【原创】Linux环境下的图形系统和AMD R600显卡编程(8)—

　　前面几个blog对DRM驱动、显卡的显存管理机制、中断机制都进行了一些描述，现在阅读AMD drm驱动的初始化过程应该会轻松许多。

　　下面是一AMD的开发人员编写的文章（先暂时放在这里，后续有时间再添加自己的看法）。

Understanding GPUs from the ground up

I get asked a lot about learning how to program GPUs. Bringing up evergreen kms support seems like a good place to start, so I figured I write a series of articles detailing the process based on the actual evergreen patches. First, to get a better understanding of how GPUs work, take a look at the radeon drm. This article assumes a basic understanding of C and computer architectures. The basic process is that the driver loads, initializes the hardware, sets up non-hw specific things like the memory manager, and sets up the displays. This first article describes the basic driver flow when the drm loads in kms mode.

radeon_driver_load_kms() (in radeon_kms.c) is where everything starts. It calls radeon_device_init() to initialize the non-display hardware and radeon_modeset_init() (in radeon_display.c) to initialize the display hardware.

The main workhorse of the driver initialization is radeon_device_init() found in radeon_device.c. First we initialize a bunch of the structs used in the driver. Then radeon_asic_init() is called. This function sets up the asic specific function pointers for various things such as suspend/resume callbacks, asic reset, set/process irqs, set/get engine clocks, etc. The common code then uses these callbacks to call the asic specific code to achieve the requested functionality. For example, enabling and processing interrupts works differently on a RV100 vs. a RV770. Since functionality changes in stages, some routines are used for multiple asic families. This lets us mix and match the appropriate functions for the specifics of how the chip is programmed. For example, both R1xx and R3xx chips both use the same interrupt scheme (as defined in r100_irq_set()/r100_irq_process()), but they have different initialization routines (r100_init() vs. r300_init()).

Next we set up the DMA masks for the driver. These let the kernel know what size address space the the card is able to address. In the case of radeons, it’s used for GPU access to graphics buffers stored in system memory which are accessed via a GART (Graphics Address Remapping Table). AGP and the older on-chip GART mechanisms are limited to 32 bits. Newer on-chip GART mechanisms have larger address spaces.

After DMA masks, we set up the MMIO aperture. PCI/PCIE/AGP devices are programmed via apertures called BARs (Base Address Register). There apertures provide access to resources on the card such as registers, framebuffers, and roms.
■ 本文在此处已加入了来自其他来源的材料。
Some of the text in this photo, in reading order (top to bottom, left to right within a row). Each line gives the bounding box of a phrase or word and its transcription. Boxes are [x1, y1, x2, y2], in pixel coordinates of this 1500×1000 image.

GPUs are configured via registers, if you want to access those registers, you’d map the register BAR. If you want to write to the framebuffer (some of which may be displayed on your screen), you would map the framebuffer BAR. In this case we map the register BAR; this register mapping is then used by the driver to configure the card.
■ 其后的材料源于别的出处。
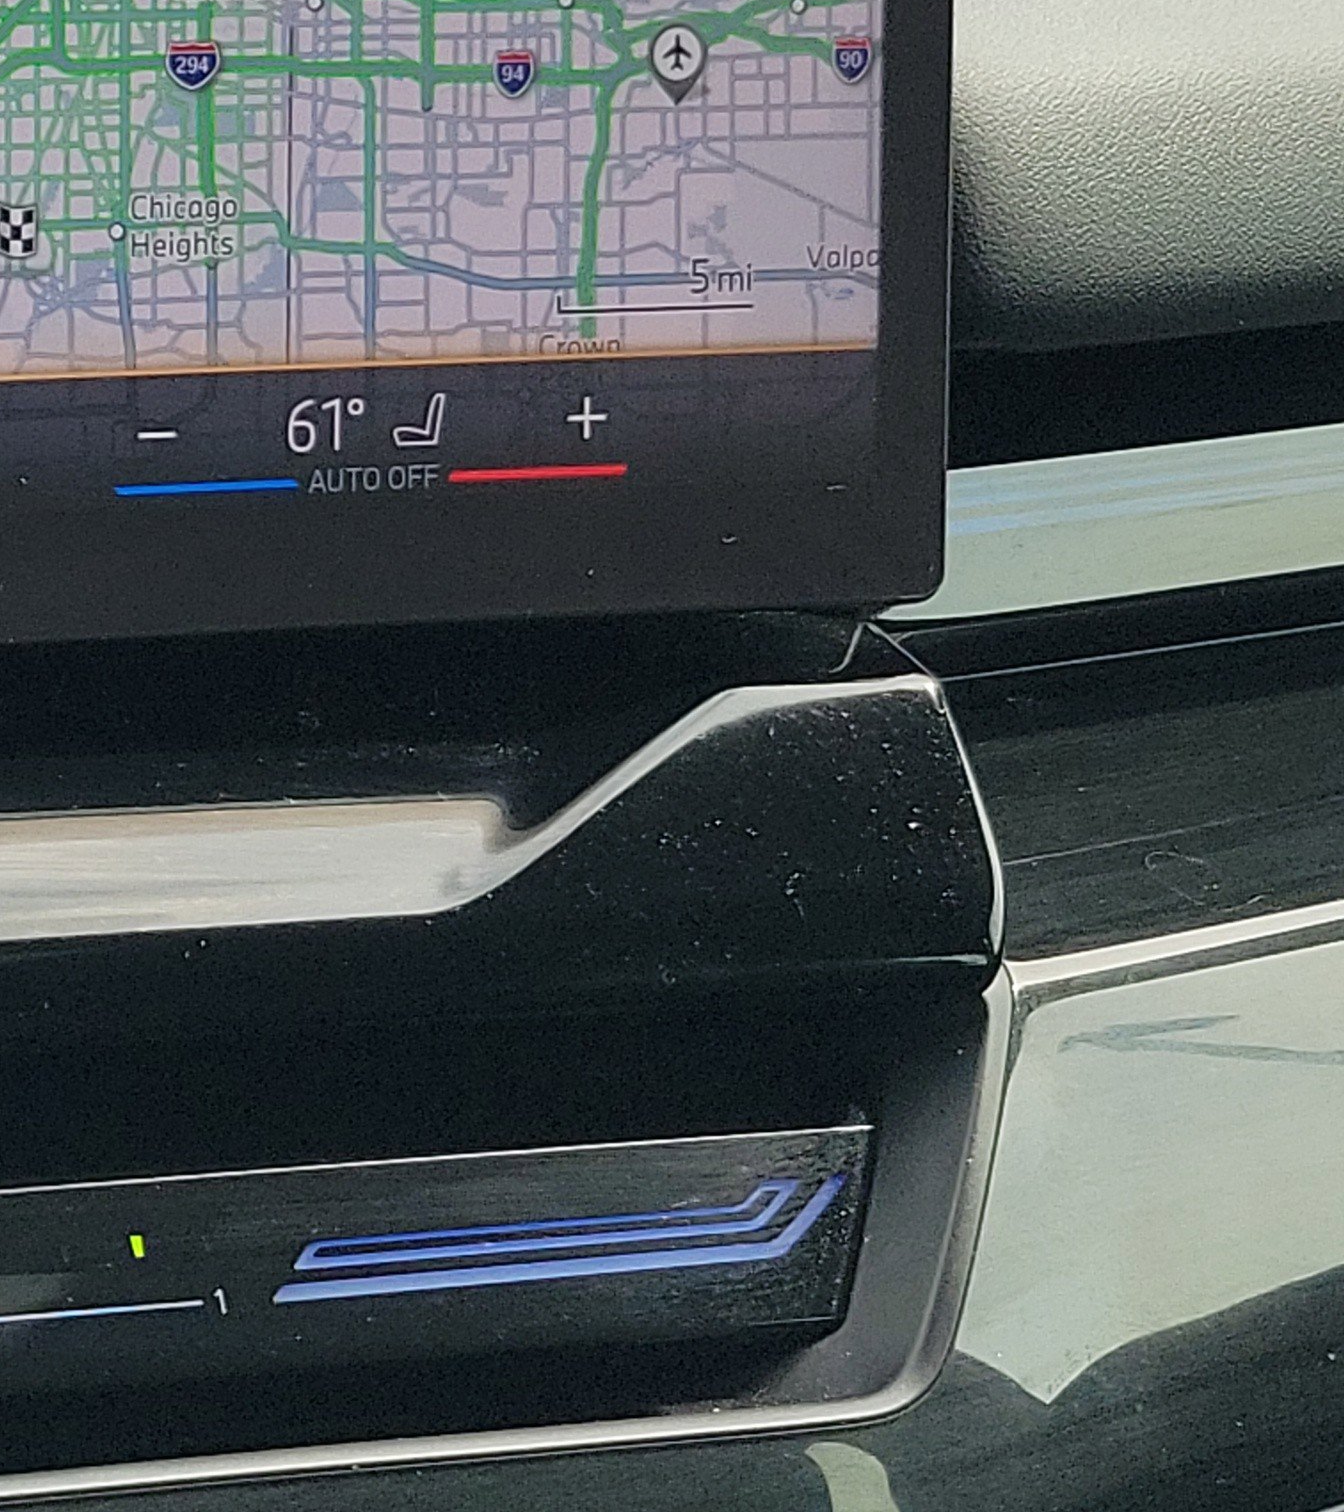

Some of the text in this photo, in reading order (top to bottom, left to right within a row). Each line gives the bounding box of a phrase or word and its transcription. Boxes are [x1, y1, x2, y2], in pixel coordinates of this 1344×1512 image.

[175, 55, 209, 74] 294
[840, 51, 862, 68] 90
[500, 64, 525, 83] 94
[131, 195, 238, 224] Chicago
[131, 233, 234, 259] Heights
[690, 260, 753, 293] 5 mi
[309, 464, 439, 493] AUTO OFF
[213, 1287, 227, 1317] 1
vga_client_register() comes next, and is beyond the scope of this article. It’s basically a way to work around the limitations of VGA on PCI buses with multiple VGA devices.

Next up is radeon_init(). This is actually a macro defined in radeon.h that references the asic init callback we initialized in radeon_asic_init() several steps ago. The asic specific init function is called. For an RV100, it would be r100_init() defined in r100.c, for RV770, it’s rv770_init().

That’s pretty much it for radeon_device_init(). Next let’s look at what happens in the asic specific init functions. They all follow the same pattern, although some asics may do more or less depending on the functionality. Let’s take a look at r100_init() in r100.c. First we initialize debugfs; this is a kernel debugging framework and outside the scope of this article. Next we call r100_vga_render_disable() this disables the VGA engine on the card. The VGA engine provides VGA compatibility; since we are going to be programming the card directly, we disable it.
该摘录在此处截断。